Here the job is to transcribe the data exactly while omitting the images.

Extracted records
--- START ---

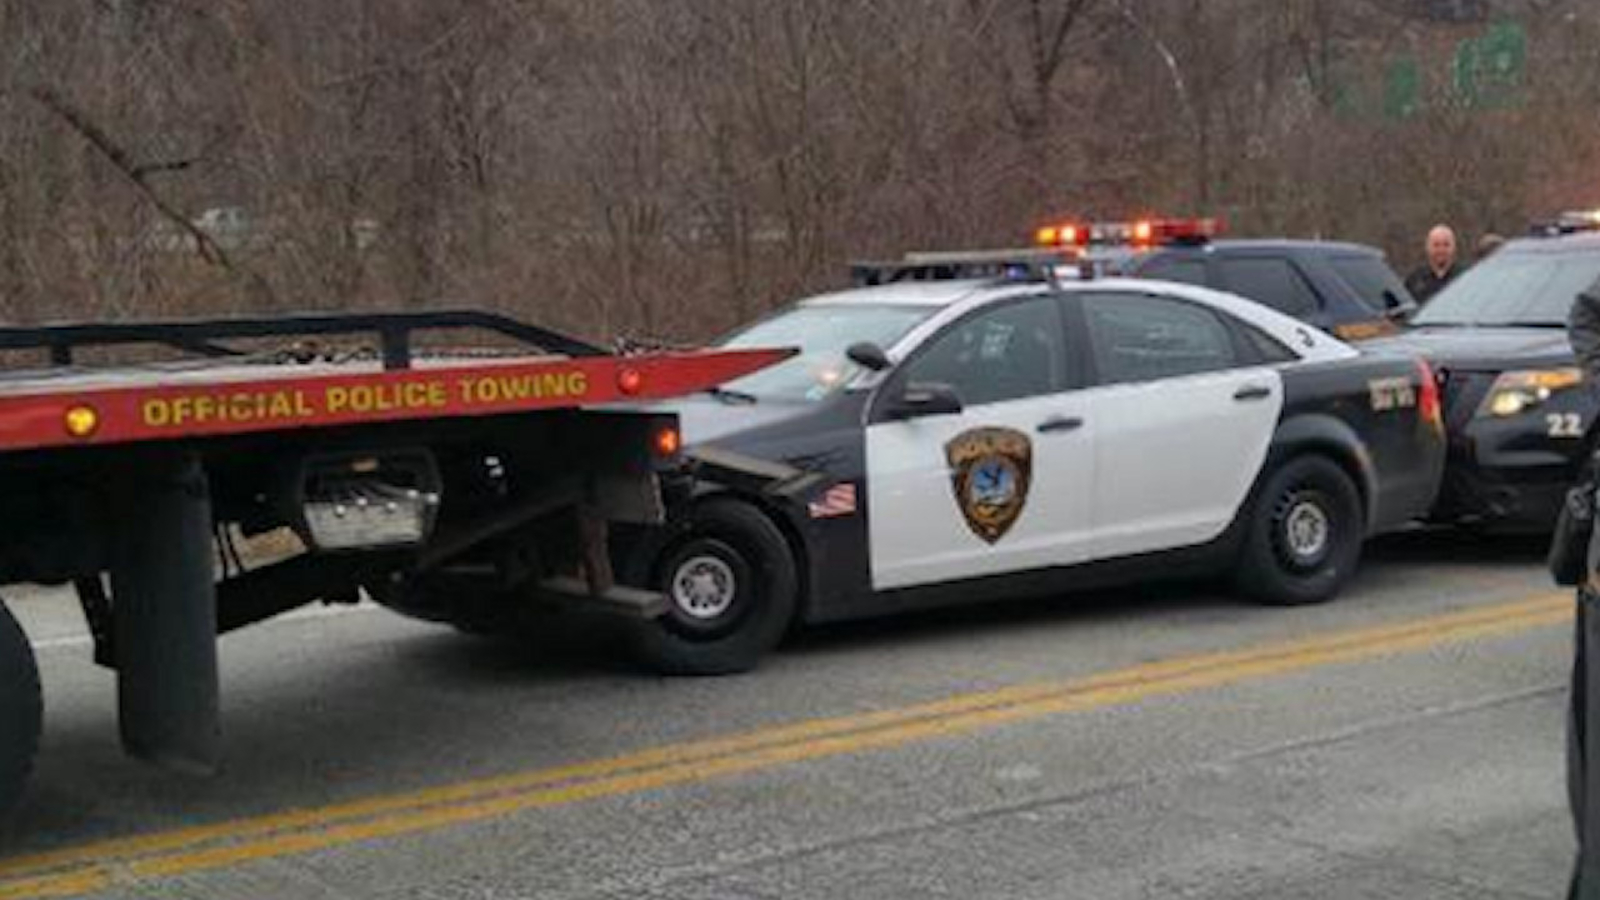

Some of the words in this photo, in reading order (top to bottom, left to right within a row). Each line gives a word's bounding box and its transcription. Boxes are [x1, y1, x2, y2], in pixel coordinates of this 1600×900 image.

[143, 389, 315, 427] OFFICIAL
[326, 381, 446, 413] POLICE
[460, 371, 588, 403] TOWING
[1546, 413, 1584, 437] 22

--- END ---

◆ **SOLUTION FOR THIS EXERCISE**:
Some of the words in this photo, in reading order (top to bottom, left to right within a row). Each line gives a word's bounding box and its transcription. Boxes are [x1, y1, x2, y2], in pixel coordinates of this 1600×900 image.

[143, 389, 315, 427] OFFICIAL
[326, 381, 446, 413] POLICE
[460, 371, 588, 403] TOWING
[1546, 413, 1584, 437] 22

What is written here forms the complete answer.